_WORK INSTRUCTION_. Transcribe the data underneath exactly. No images belong in your version.

Saved entries:
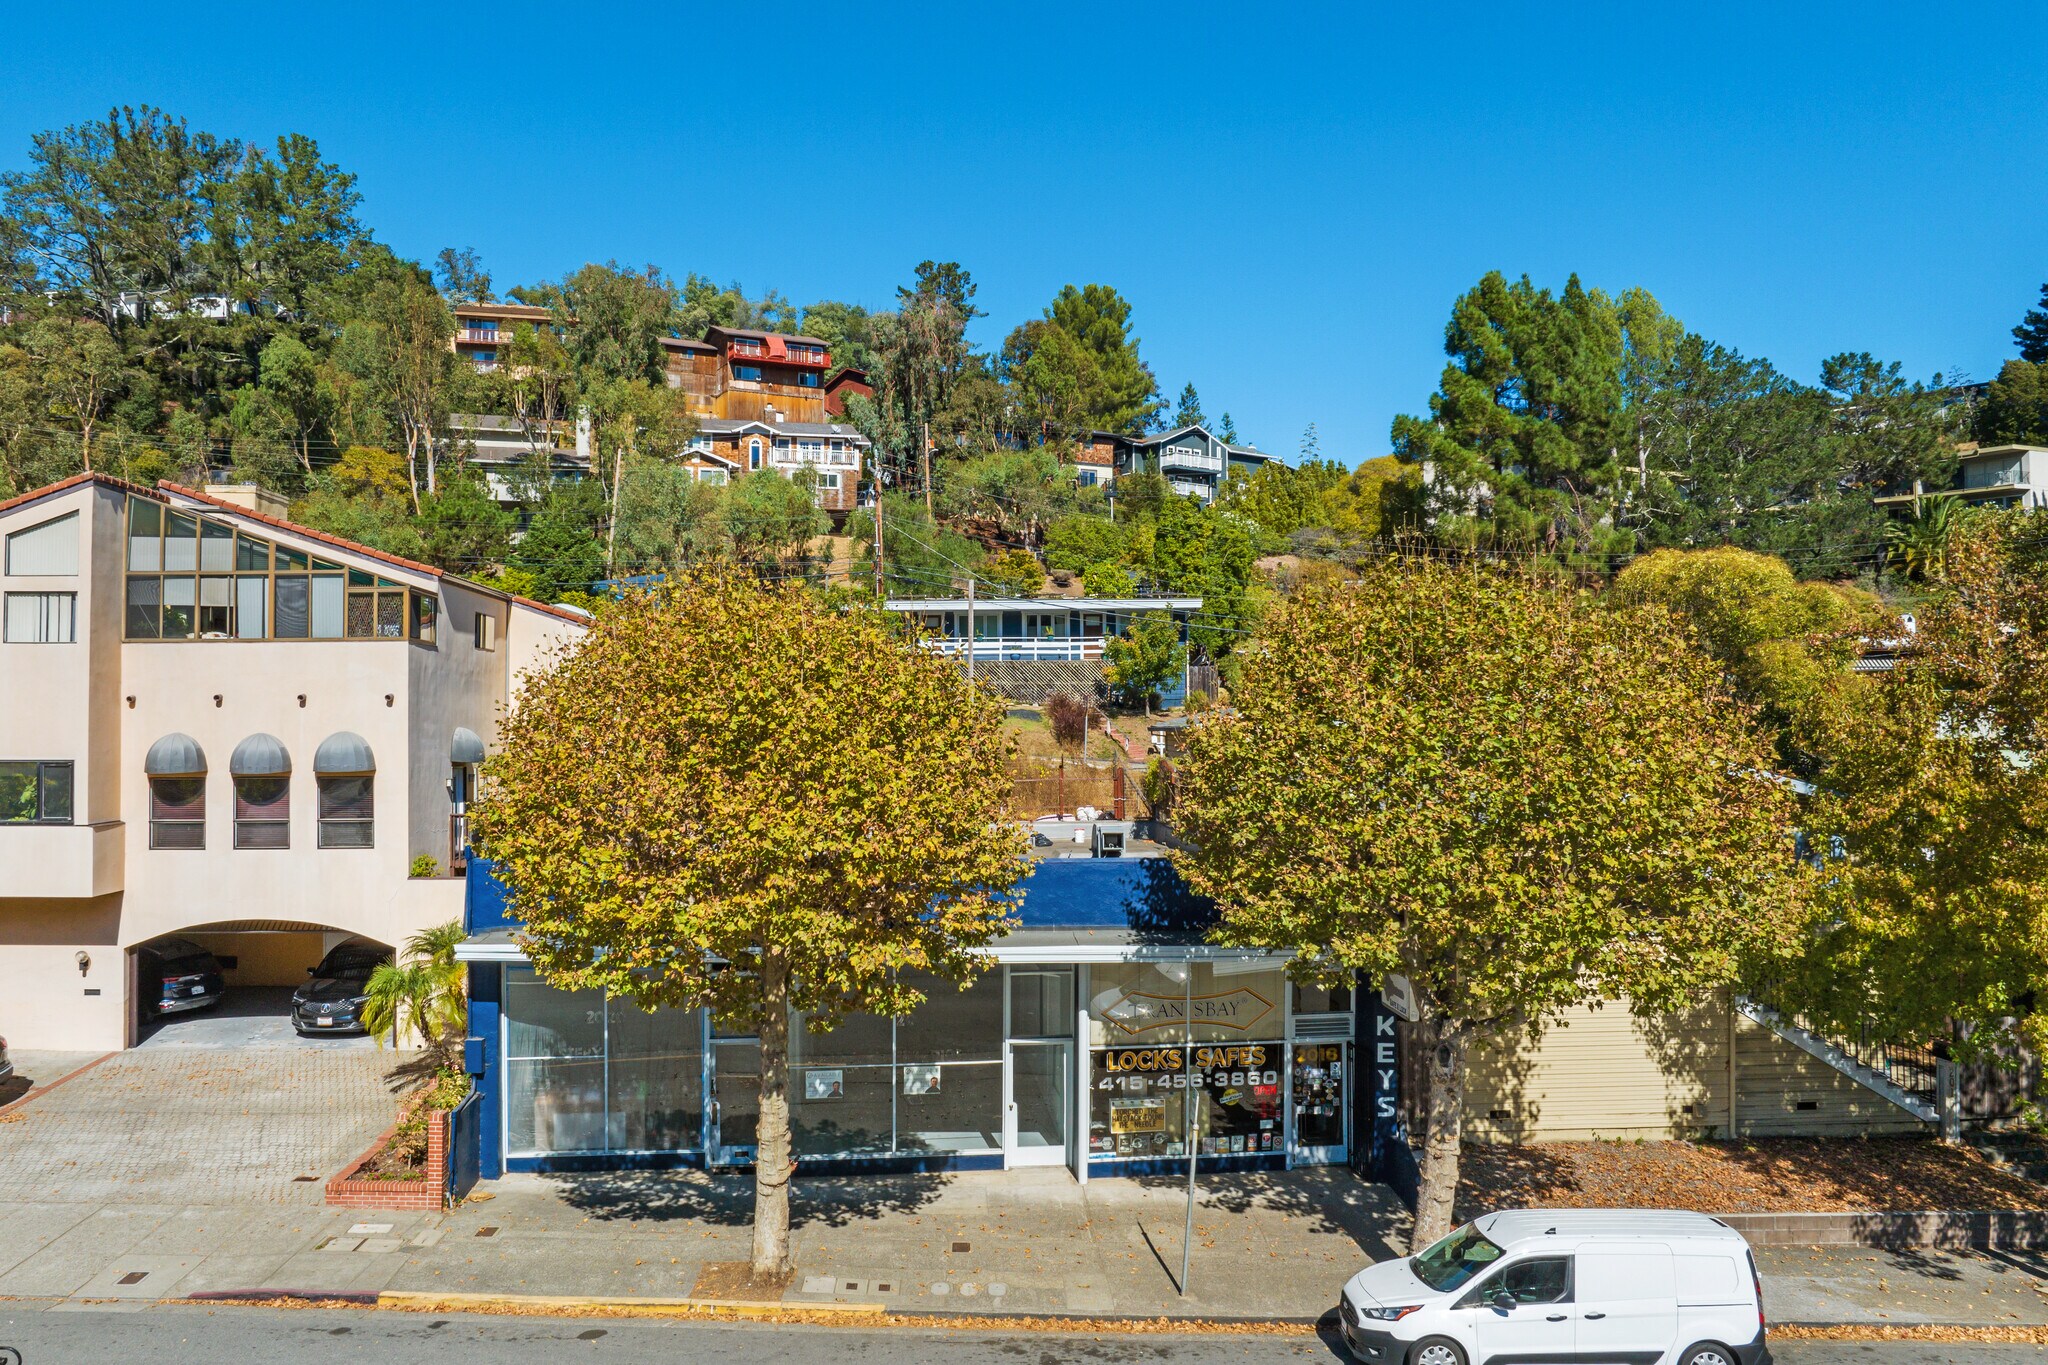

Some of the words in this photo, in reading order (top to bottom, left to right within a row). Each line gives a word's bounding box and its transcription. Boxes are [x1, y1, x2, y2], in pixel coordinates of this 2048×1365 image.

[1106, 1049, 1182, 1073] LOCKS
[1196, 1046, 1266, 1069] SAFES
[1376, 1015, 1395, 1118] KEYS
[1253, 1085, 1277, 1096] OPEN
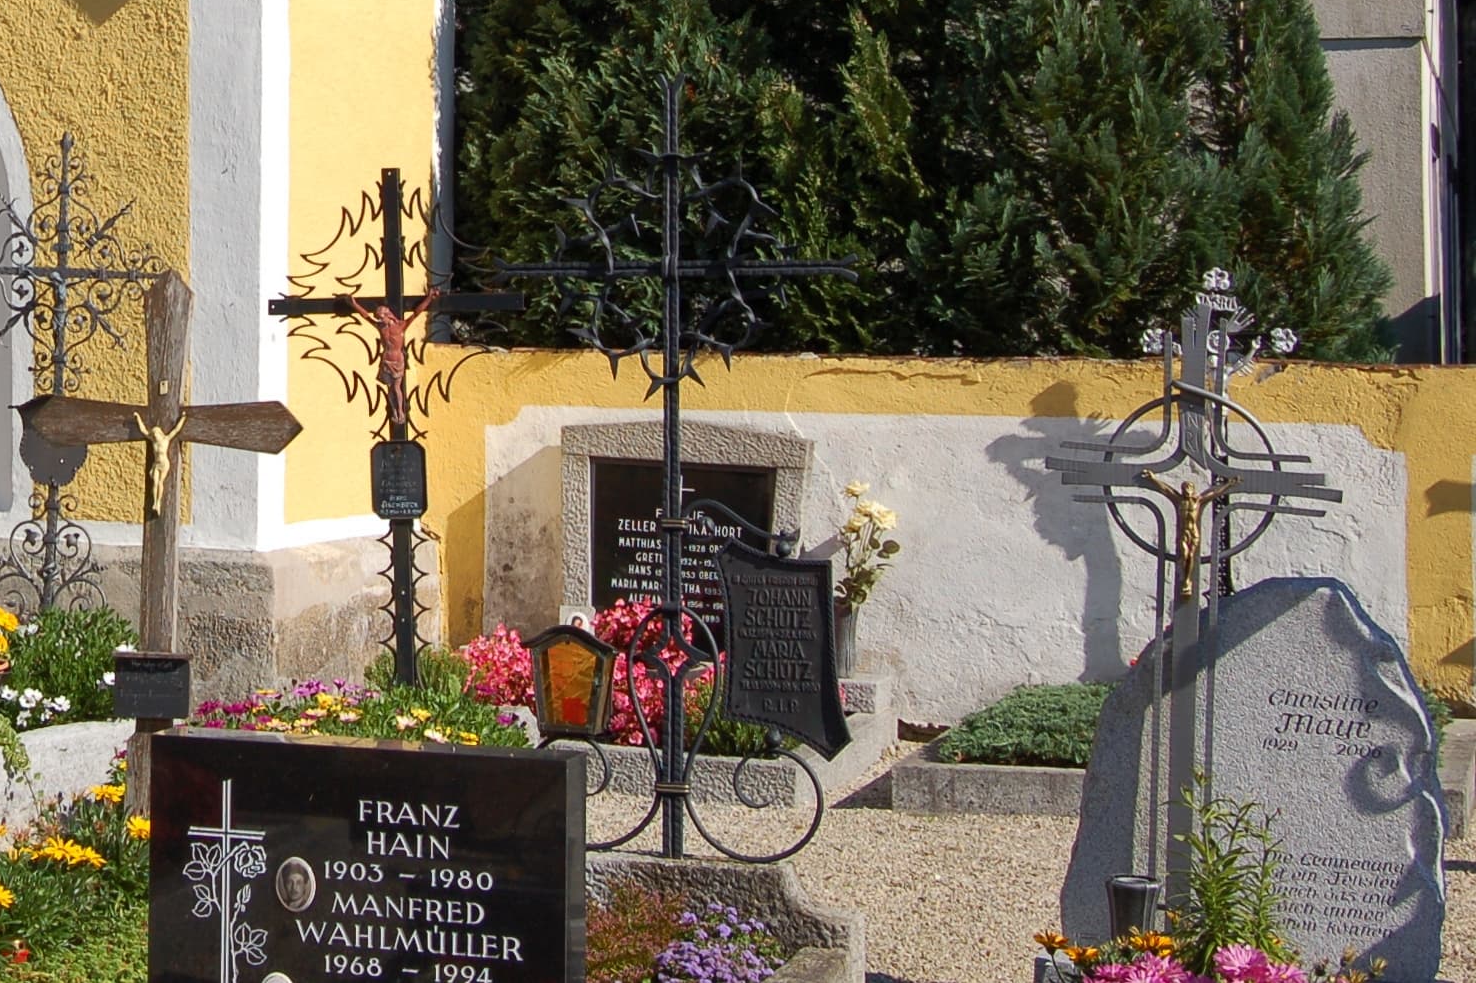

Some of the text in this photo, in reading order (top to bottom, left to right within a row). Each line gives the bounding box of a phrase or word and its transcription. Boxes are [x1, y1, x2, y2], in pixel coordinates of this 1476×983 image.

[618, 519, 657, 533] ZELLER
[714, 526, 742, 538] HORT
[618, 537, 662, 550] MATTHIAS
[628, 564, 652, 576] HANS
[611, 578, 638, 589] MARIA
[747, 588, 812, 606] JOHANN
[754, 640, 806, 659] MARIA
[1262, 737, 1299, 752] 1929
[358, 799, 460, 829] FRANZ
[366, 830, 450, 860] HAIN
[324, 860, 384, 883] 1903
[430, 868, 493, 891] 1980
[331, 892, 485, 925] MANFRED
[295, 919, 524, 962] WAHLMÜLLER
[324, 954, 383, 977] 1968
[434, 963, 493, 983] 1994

_RESULT_.
Some of the words in this photo, in reading order (top to bottom, left to right within a row). Each line gives a word's bounding box and its transcription. Boxes are [x1, y1, x2, y2], in pixel coordinates of this 2048×1365 image.

[1106, 1049, 1182, 1073] LOCKS
[1196, 1046, 1266, 1069] SAFES
[1376, 1015, 1395, 1118] KEYS
[1253, 1085, 1277, 1096] OPEN

Some of the text in this photo, in reading order (top to bottom, left to right within a row). Each line gives the bounding box of a phrase or word and its transcription. Boxes are [x1, y1, x2, y2], in pixel coordinates of this 1476×983 image.

[618, 519, 657, 533] ZELLER
[714, 526, 742, 538] HORT
[618, 537, 662, 550] MATTHIAS
[628, 564, 652, 576] HANS
[611, 578, 638, 589] MARIA
[747, 588, 812, 606] JOHANN
[754, 640, 806, 659] MARIA
[1262, 737, 1299, 752] 1929
[358, 799, 460, 829] FRANZ
[366, 830, 450, 860] HAIN
[324, 860, 384, 883] 1903
[430, 868, 493, 891] 1980
[331, 892, 485, 925] MANFRED
[295, 919, 524, 962] WAHLMÜLLER
[324, 954, 383, 977] 1968
[434, 963, 493, 983] 1994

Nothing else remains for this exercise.